David Hinske said...

I can't remember why, but Thanksgiving means turning the kitchen over to my lovely and talented bride, who usually turns out some pretty fabulous turkey reubens. This year, for a couple reasons, she went bird and roasted a beauty. Here's her secret to not feeling like you've over-eaten: no potatoes! She roasted an acorn squash and that was a fine substitue.

Any good use for the leftover oil when you fry a turkey? Can those cars that run on grease burn that?

Fred Deaton said...

Sorry for the belated post. We went out to a local eatery, the Cajun Cookers. They have a buffet of some of the best of the best! I love their Cajun smoked turkey. Their corn souffle, dressing and gravy, smoked ham and roast beef were also top notch. Topped it off with their decadent Chocolate Ding Dong Cake.

The food was so good, I ordered the turkey, dressing (enough to feed a small army), and gravy for Christmas (50.00). I usually buy the turkey or ham, prepare it, and pay a local restaurant @10.00 to smoke it for me, so that shows you how impressed I was with the turkey.

I have a Jiffy Cornmeal mix recipe for corn casserole, but there is a run on the Jiffy for dressing makings at the local Wal-mart, so I have to scrounge for the 50 cent boxes. The recipe is simple and uses both cream and whole kernel sweet corn. Wish me luck finding the corn meal!

A local restaurant in Jackson TN (Reggi's Hot Wings and BBQ) deep fries and I had one of his deep fried cajun turkey sandwiches for lunch while Christmas shopping. It was GREAT. He has a tent out front and works day and night deep frying turkeys.

I will make a chess pie that uses cheese in the recipe. It is a simple recipe that mixes yolks and cheese and cream from a long gone cafeteria out of Memphis recipe.

The neighbors didn't cook their traditional smoked sausage on their smoker this year. I just love the smell on thanksgiving or christmas of cooking sausages.
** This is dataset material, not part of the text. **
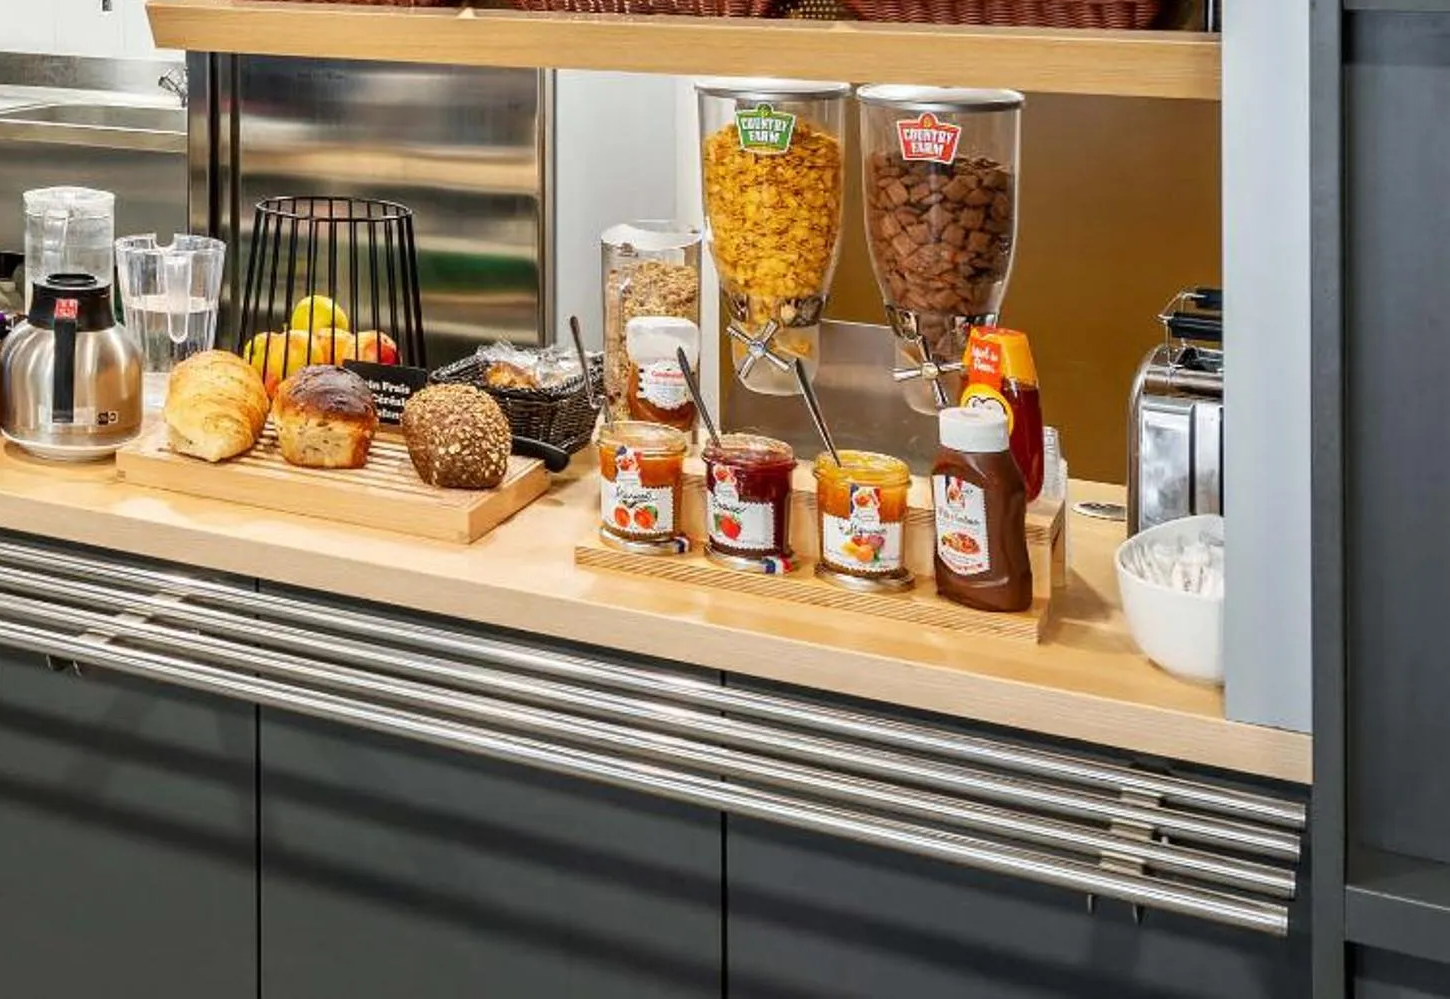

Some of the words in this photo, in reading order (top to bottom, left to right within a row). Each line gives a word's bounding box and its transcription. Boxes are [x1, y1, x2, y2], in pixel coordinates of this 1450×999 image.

We will go to the children's mass on Christmas eve at 5:30 and then look for an open restaurant to eat (Usually Logan's roadhouse).

Merry Christmas. We already had weather advisories for Ice in the area on there different fronts. One as recently as Dec 23rd. the low at the home thermometer on the 22nd was 7 degrees! You remember Memphis, driving and Ice...a bad mix!!!!!! Hope the weather with the snow gets better there.

I'm off until January 12th. I am going to try Mayfield KY and Paducah KY BBQ while I am off. I might even go to Cape Girardeau MO and have my annual St Louis Style Pizza fix. All of these places are 100 to 130 miles from my house.

Got any holiday food jorneys?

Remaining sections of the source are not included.